Records for the exercise:
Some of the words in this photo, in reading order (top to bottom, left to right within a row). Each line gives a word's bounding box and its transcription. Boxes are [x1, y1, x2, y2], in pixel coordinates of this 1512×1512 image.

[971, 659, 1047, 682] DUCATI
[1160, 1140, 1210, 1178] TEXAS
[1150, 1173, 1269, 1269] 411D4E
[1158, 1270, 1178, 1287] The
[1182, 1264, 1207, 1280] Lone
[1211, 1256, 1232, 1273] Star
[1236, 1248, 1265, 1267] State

Problem: Each record above must be given again exactly.

Written answer:
Some of the words in this photo, in reading order (top to bottom, left to right within a row). Each line gives a word's bounding box and its transcription. Boxes are [x1, y1, x2, y2], in pixel coordinates of this 1512×1512 image.

[971, 659, 1047, 682] DUCATI
[1160, 1140, 1210, 1178] TEXAS
[1150, 1173, 1269, 1269] 411D4E
[1158, 1270, 1178, 1287] The
[1182, 1264, 1207, 1280] Lone
[1211, 1256, 1232, 1273] Star
[1236, 1248, 1265, 1267] State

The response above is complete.